CVE-2024-21116: 
VirtualBox vulnerability analysis and mitigation

Vulnerability in the Oracle VM VirtualBox product of Oracle Virtualization (component: Core). The vulnerability affects versions prior to 7.0.16 and applies to Linux hosts only. This is an easily exploitable vulnerability that allows low privileged attackers with logon access to the infrastructure where Oracle VM VirtualBox executes to compromise the system (Oracle Advisory).

The vulnerability has been assigned a CVSS 3.1 Base Score of 7.8 (High) with the following vector: CVSS:3.1/AV:L/AC:L/PR:L/UI:N/S:U/C:H/I:H/A:H. This indicates local access is required, the attack complexity is low, low privileges are required, no user interaction is needed, and the scope is unchanged. The vulnerability affects confidentiality, integrity, and availability with high impact levels (ZDI Advisory).

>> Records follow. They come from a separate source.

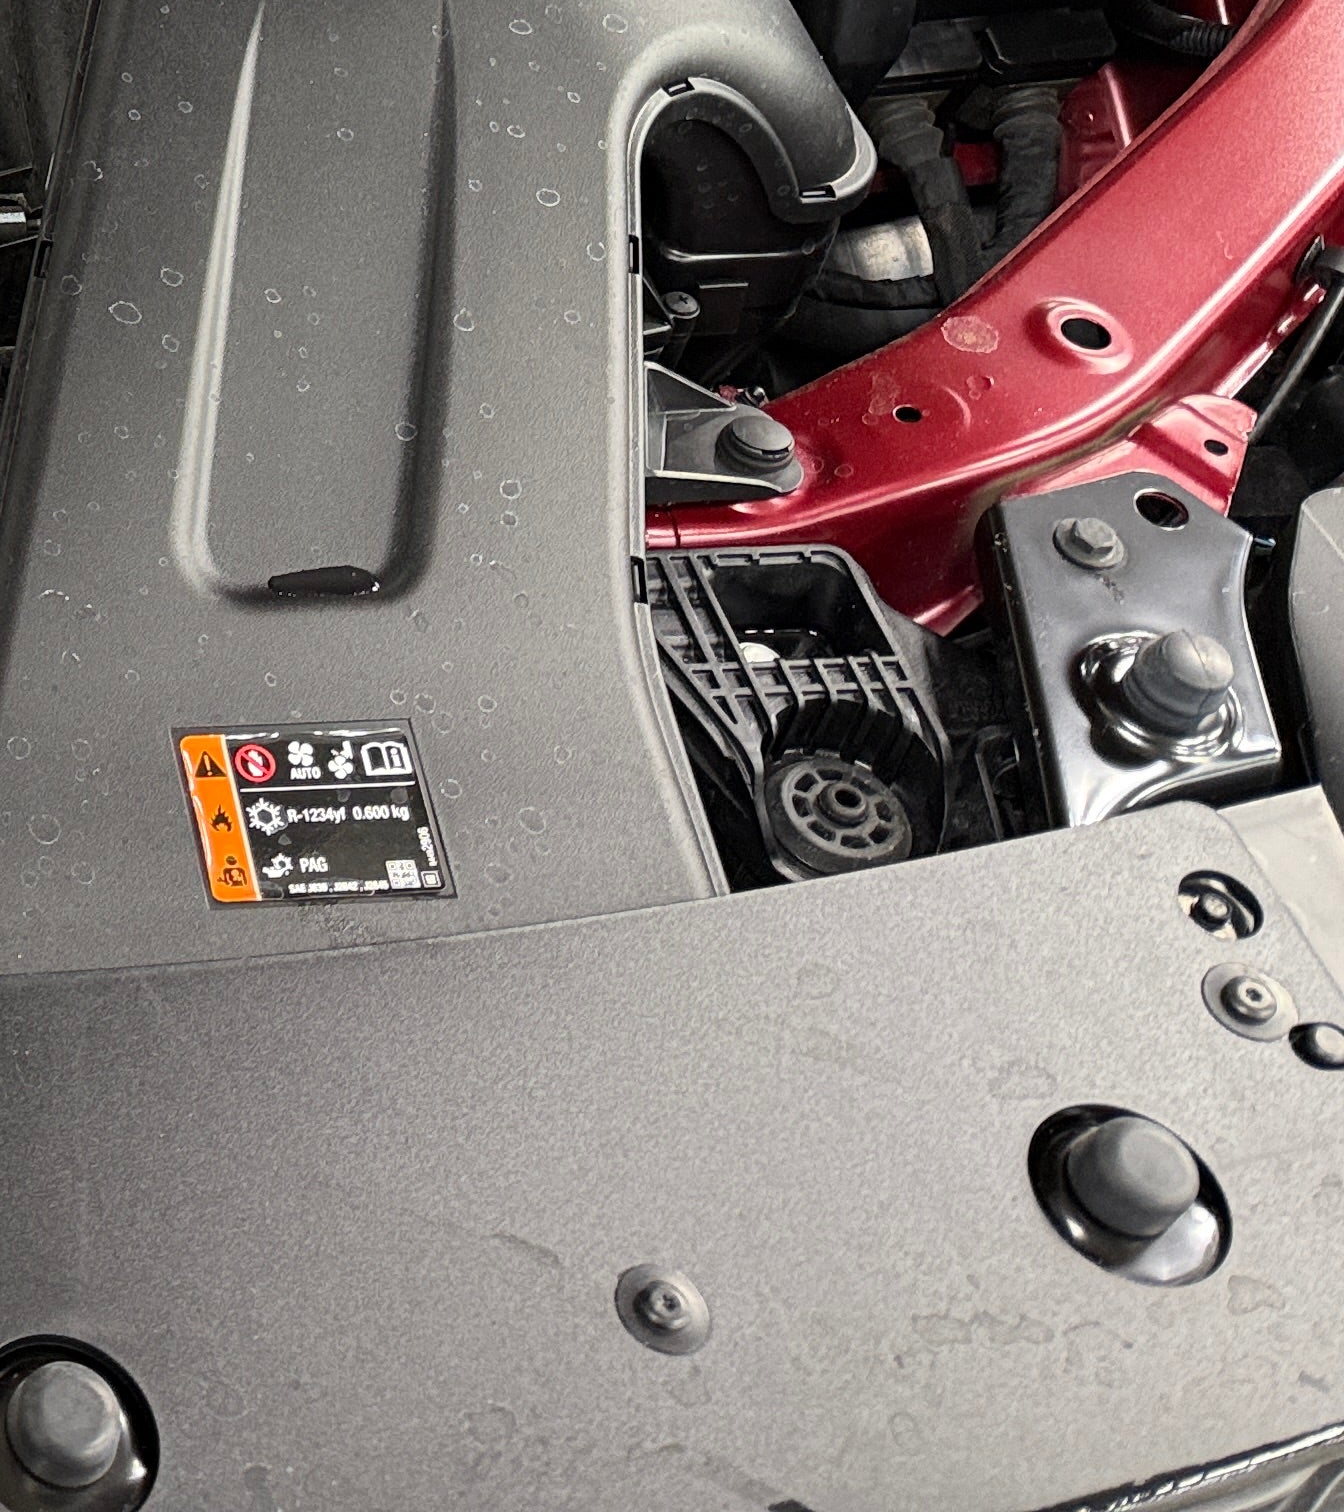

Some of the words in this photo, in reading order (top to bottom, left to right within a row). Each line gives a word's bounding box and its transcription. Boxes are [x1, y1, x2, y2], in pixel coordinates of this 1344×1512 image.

[289, 767, 322, 780] AUTO
[286, 806, 347, 824] R-1234yf
[352, 805, 390, 820] 0.600
[391, 804, 410, 821] kg
[299, 857, 329, 873] PAG
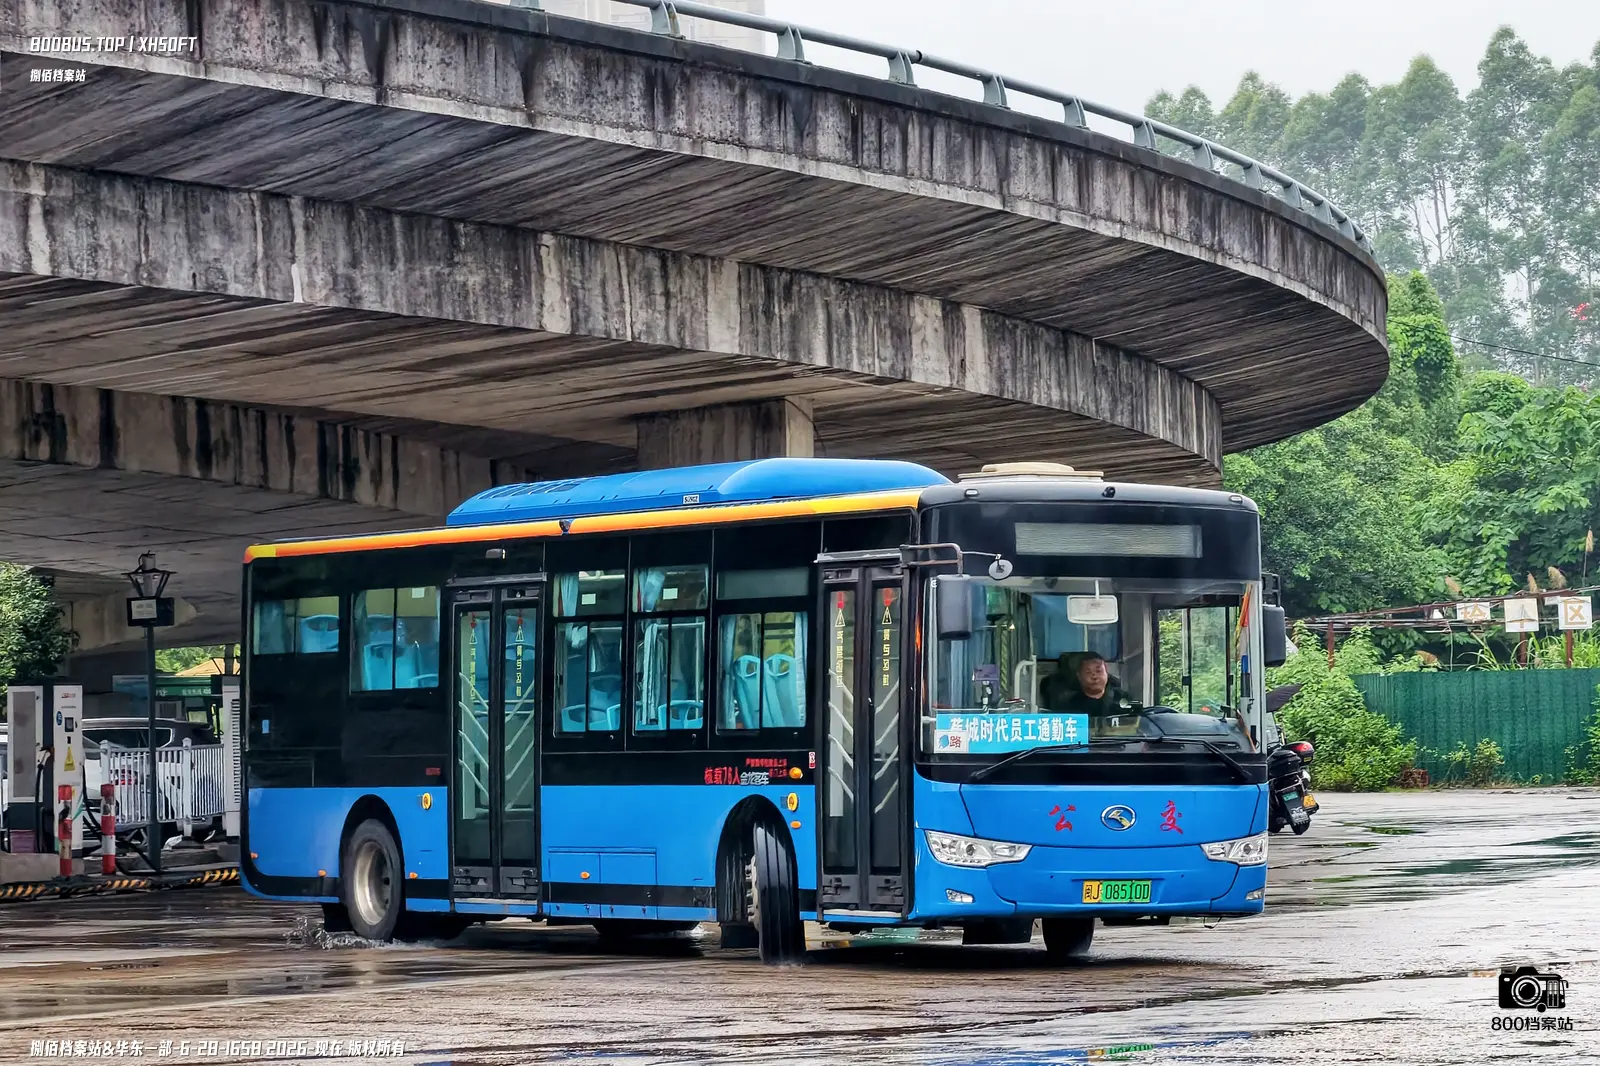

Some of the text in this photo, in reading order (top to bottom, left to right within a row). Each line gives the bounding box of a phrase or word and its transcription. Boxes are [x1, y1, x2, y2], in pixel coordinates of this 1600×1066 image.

[1048, 800, 1183, 835] 公 交
[1105, 884, 1150, 900] 08510D
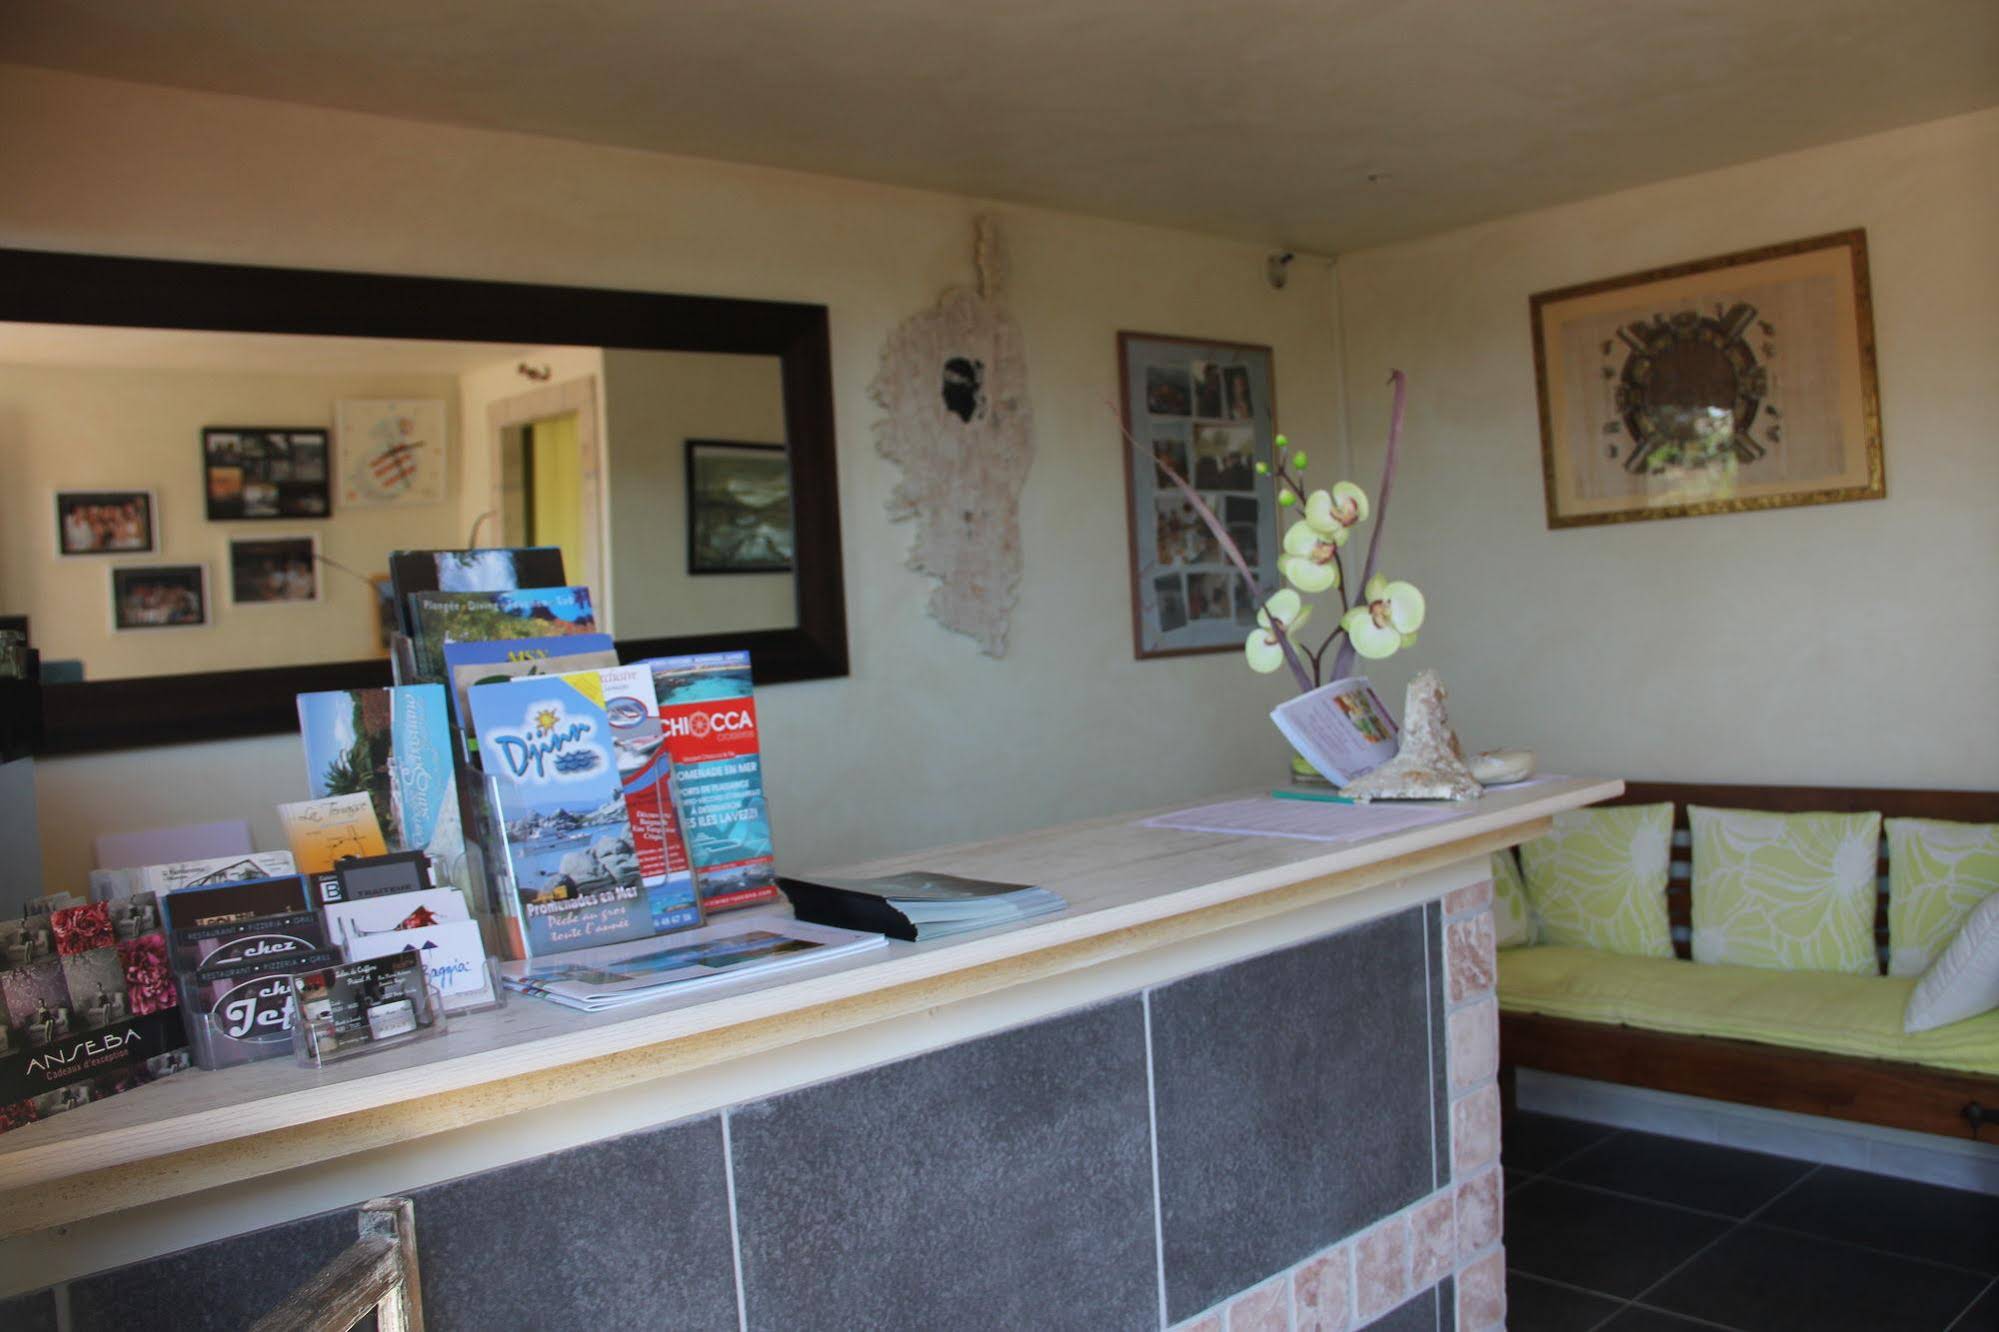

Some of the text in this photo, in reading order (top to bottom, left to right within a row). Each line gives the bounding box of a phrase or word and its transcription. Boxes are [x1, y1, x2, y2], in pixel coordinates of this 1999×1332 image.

[526, 885, 638, 917] Promenades en Mer
[187, 927, 237, 940] RESTAURANT
[247, 920, 282, 932] PIZZERIA
[244, 940, 296, 958] chez
[202, 967, 251, 981] RESTAURANT
[263, 960, 299, 972] PIZZERIA
[26, 1028, 141, 1076] ANSEBA
[47, 1064, 82, 1080] Cadeaux

Successful exploitation of this vulnerability can result in complete takeover of Oracle VM VirtualBox. The attacker can gain unauthorized access to execute arbitrary code in the context of root, potentially compromising the entire virtualization environment (ZDI Advisory).

Oracle has released a security patch to address this vulnerability. Users should upgrade to VirtualBox version 7.0.16 or later to mitigate the risk (Oracle Advisory).